:: Instructions to follow ::
Reproduce every record exactly as written.

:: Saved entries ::
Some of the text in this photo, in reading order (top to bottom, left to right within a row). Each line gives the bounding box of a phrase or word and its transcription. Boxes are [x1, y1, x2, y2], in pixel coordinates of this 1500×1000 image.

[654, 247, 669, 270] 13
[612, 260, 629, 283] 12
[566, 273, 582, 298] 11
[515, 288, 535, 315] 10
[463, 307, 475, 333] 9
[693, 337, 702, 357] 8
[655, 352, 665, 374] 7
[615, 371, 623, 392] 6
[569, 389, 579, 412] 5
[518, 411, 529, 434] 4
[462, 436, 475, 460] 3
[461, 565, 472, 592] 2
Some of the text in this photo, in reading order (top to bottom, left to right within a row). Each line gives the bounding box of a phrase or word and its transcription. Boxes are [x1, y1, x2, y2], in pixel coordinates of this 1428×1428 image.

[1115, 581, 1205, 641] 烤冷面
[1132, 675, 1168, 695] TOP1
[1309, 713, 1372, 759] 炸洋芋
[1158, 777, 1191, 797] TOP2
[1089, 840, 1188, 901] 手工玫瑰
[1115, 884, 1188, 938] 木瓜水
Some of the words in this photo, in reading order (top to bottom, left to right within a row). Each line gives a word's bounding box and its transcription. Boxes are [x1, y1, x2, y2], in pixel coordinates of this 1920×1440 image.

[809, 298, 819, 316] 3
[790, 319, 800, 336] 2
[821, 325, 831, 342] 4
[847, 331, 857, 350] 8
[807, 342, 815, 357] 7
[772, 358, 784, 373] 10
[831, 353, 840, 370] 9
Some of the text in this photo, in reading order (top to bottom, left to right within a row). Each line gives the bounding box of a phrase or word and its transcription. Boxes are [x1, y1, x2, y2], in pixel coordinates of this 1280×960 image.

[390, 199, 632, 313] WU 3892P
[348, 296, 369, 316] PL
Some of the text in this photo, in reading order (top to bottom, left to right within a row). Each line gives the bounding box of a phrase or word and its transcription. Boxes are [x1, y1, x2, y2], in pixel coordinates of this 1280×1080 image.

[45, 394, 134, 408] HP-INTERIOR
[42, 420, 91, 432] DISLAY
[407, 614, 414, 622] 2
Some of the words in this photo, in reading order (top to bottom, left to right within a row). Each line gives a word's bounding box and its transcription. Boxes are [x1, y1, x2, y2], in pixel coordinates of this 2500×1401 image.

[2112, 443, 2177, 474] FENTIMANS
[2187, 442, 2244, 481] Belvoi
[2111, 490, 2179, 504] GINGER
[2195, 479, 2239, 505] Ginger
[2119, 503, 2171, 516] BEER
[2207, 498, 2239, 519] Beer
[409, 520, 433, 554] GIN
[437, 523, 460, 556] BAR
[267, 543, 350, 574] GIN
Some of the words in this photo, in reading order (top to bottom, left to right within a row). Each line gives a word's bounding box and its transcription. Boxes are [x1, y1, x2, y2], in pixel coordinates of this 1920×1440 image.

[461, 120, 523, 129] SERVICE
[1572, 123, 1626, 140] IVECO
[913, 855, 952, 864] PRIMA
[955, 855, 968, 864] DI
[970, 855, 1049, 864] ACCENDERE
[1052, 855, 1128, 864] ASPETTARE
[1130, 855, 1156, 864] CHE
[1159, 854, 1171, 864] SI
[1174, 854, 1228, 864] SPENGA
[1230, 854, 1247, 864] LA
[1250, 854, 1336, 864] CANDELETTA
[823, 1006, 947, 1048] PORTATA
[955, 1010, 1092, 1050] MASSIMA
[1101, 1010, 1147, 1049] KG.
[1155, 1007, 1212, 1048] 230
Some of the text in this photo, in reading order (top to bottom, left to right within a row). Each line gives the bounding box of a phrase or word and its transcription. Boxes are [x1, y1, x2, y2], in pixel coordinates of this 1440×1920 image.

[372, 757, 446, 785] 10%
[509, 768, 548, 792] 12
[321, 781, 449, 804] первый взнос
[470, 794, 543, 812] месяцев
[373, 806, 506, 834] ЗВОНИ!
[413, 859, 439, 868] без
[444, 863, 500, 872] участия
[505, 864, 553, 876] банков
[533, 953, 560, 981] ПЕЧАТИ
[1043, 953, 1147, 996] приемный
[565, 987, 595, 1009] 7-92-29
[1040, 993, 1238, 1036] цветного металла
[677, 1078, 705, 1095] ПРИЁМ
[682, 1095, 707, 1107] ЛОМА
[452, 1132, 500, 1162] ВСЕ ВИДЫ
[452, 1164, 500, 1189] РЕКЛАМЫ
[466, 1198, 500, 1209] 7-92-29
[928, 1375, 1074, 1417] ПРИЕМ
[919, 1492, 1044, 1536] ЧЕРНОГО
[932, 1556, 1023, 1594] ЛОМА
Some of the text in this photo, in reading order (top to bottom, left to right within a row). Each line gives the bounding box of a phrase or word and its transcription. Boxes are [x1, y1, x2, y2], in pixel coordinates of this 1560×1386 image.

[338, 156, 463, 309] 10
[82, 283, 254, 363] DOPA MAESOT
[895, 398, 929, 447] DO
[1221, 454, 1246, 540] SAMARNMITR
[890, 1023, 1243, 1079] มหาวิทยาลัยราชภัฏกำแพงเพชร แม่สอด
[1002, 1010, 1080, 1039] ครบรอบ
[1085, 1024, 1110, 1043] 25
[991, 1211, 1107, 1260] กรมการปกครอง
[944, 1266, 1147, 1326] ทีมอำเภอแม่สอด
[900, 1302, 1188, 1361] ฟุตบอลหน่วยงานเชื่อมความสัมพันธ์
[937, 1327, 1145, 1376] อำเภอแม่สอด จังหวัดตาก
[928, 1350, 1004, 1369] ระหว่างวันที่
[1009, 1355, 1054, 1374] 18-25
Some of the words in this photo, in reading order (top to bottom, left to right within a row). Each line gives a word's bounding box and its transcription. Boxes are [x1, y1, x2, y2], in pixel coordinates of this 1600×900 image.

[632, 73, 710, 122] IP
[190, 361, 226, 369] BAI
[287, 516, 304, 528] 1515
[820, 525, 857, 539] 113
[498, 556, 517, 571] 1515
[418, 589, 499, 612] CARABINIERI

:: Output ::
Some of the text in this photo, in reading order (top to bottom, left to right within a row). Each line gives the bounding box of a phrase or word and its transcription. Boxes are [x1, y1, x2, y2], in pixel coordinates of this 1500×1000 image.

[654, 247, 669, 270] 13
[612, 260, 629, 283] 12
[566, 273, 582, 298] 11
[515, 288, 535, 315] 10
[463, 307, 475, 333] 9
[693, 337, 702, 357] 8
[655, 352, 665, 374] 7
[615, 371, 623, 392] 6
[569, 389, 579, 412] 5
[518, 411, 529, 434] 4
[462, 436, 475, 460] 3
[461, 565, 472, 592] 2
Some of the text in this photo, in reading order (top to bottom, left to right within a row). Each line gives the bounding box of a phrase or word and its transcription. Boxes are [x1, y1, x2, y2], in pixel coordinates of this 1428×1428 image.

[1115, 581, 1205, 641] 烤冷面
[1132, 675, 1168, 695] TOP1
[1309, 713, 1372, 759] 炸洋芋
[1158, 777, 1191, 797] TOP2
[1089, 840, 1188, 901] 手工玫瑰
[1115, 884, 1188, 938] 木瓜水
Some of the words in this photo, in reading order (top to bottom, left to right within a row). Each line gives a word's bounding box and its transcription. Boxes are [x1, y1, x2, y2], in pixel coordinates of this 1920×1440 image.

[809, 298, 819, 316] 3
[790, 319, 800, 336] 2
[821, 325, 831, 342] 4
[847, 331, 857, 350] 8
[807, 342, 815, 357] 7
[772, 358, 784, 373] 10
[831, 353, 840, 370] 9
Some of the text in this photo, in reading order (top to bottom, left to right within a row). Each line gives the bounding box of a phrase or word and its transcription. Boxes are [x1, y1, x2, y2], in pixel coordinates of this 1280×960 image.

[390, 199, 632, 313] WU 3892P
[348, 296, 369, 316] PL
Some of the text in this photo, in reading order (top to bottom, left to right within a row). Each line gives the bounding box of a phrase or word and its transcription. Boxes are [x1, y1, x2, y2], in pixel coordinates of this 1280×1080 image.

[45, 394, 134, 408] HP-INTERIOR
[42, 420, 91, 432] DISLAY
[407, 614, 414, 622] 2
Some of the words in this photo, in reading order (top to bottom, left to right within a row). Each line gives a word's bounding box and its transcription. Boxes are [x1, y1, x2, y2], in pixel coordinates of this 2500×1401 image.

[2112, 443, 2177, 474] FENTIMANS
[2187, 442, 2244, 481] Belvoi
[2111, 490, 2179, 504] GINGER
[2195, 479, 2239, 505] Ginger
[2119, 503, 2171, 516] BEER
[2207, 498, 2239, 519] Beer
[409, 520, 433, 554] GIN
[437, 523, 460, 556] BAR
[267, 543, 350, 574] GIN
Some of the words in this photo, in reading order (top to bottom, left to right within a row). Each line gives a word's bounding box and its transcription. Boxes are [x1, y1, x2, y2], in pixel coordinates of this 1920×1440 image.

[461, 120, 523, 129] SERVICE
[1572, 123, 1626, 140] IVECO
[913, 855, 952, 864] PRIMA
[955, 855, 968, 864] DI
[970, 855, 1049, 864] ACCENDERE
[1052, 855, 1128, 864] ASPETTARE
[1130, 855, 1156, 864] CHE
[1159, 854, 1171, 864] SI
[1174, 854, 1228, 864] SPENGA
[1230, 854, 1247, 864] LA
[1250, 854, 1336, 864] CANDELETTA
[823, 1006, 947, 1048] PORTATA
[955, 1010, 1092, 1050] MASSIMA
[1101, 1010, 1147, 1049] KG.
[1155, 1007, 1212, 1048] 230
Some of the text in this photo, in reading order (top to bottom, left to right within a row). Each line gives the bounding box of a phrase or word and its transcription. Boxes are [x1, y1, x2, y2], in pixel coordinates of this 1440×1920 image.

[372, 757, 446, 785] 10%
[509, 768, 548, 792] 12
[321, 781, 449, 804] первый взнос
[470, 794, 543, 812] месяцев
[373, 806, 506, 834] ЗВОНИ!
[413, 859, 439, 868] без
[444, 863, 500, 872] участия
[505, 864, 553, 876] банков
[533, 953, 560, 981] ПЕЧАТИ
[1043, 953, 1147, 996] приемный
[565, 987, 595, 1009] 7-92-29
[1040, 993, 1238, 1036] цветного металла
[677, 1078, 705, 1095] ПРИЁМ
[682, 1095, 707, 1107] ЛОМА
[452, 1132, 500, 1162] ВСЕ ВИДЫ
[452, 1164, 500, 1189] РЕКЛАМЫ
[466, 1198, 500, 1209] 7-92-29
[928, 1375, 1074, 1417] ПРИЕМ
[919, 1492, 1044, 1536] ЧЕРНОГО
[932, 1556, 1023, 1594] ЛОМА
Some of the text in this photo, in reading order (top to bottom, left to right within a row). Each line gives the bounding box of a phrase or word and its transcription. Boxes are [x1, y1, x2, y2], in pixel coordinates of this 1560×1386 image.

[338, 156, 463, 309] 10
[82, 283, 254, 363] DOPA MAESOT
[895, 398, 929, 447] DO
[1221, 454, 1246, 540] SAMARNMITR
[890, 1023, 1243, 1079] มหาวิทยาลัยราชภัฏกำแพงเพชร แม่สอด
[1002, 1010, 1080, 1039] ครบรอบ
[1085, 1024, 1110, 1043] 25
[991, 1211, 1107, 1260] กรมการปกครอง
[944, 1266, 1147, 1326] ทีมอำเภอแม่สอด
[900, 1302, 1188, 1361] ฟุตบอลหน่วยงานเชื่อมความสัมพันธ์
[937, 1327, 1145, 1376] อำเภอแม่สอด จังหวัดตาก
[928, 1350, 1004, 1369] ระหว่างวันที่
[1009, 1355, 1054, 1374] 18-25
Some of the words in this photo, in reading order (top to bottom, left to right within a row). Each line gives a word's bounding box and its transcription. Boxes are [x1, y1, x2, y2], in pixel coordinates of this 1600×900 image.

[632, 73, 710, 122] IP
[190, 361, 226, 369] BAI
[287, 516, 304, 528] 1515
[820, 525, 857, 539] 113
[498, 556, 517, 571] 1515
[418, 589, 499, 612] CARABINIERI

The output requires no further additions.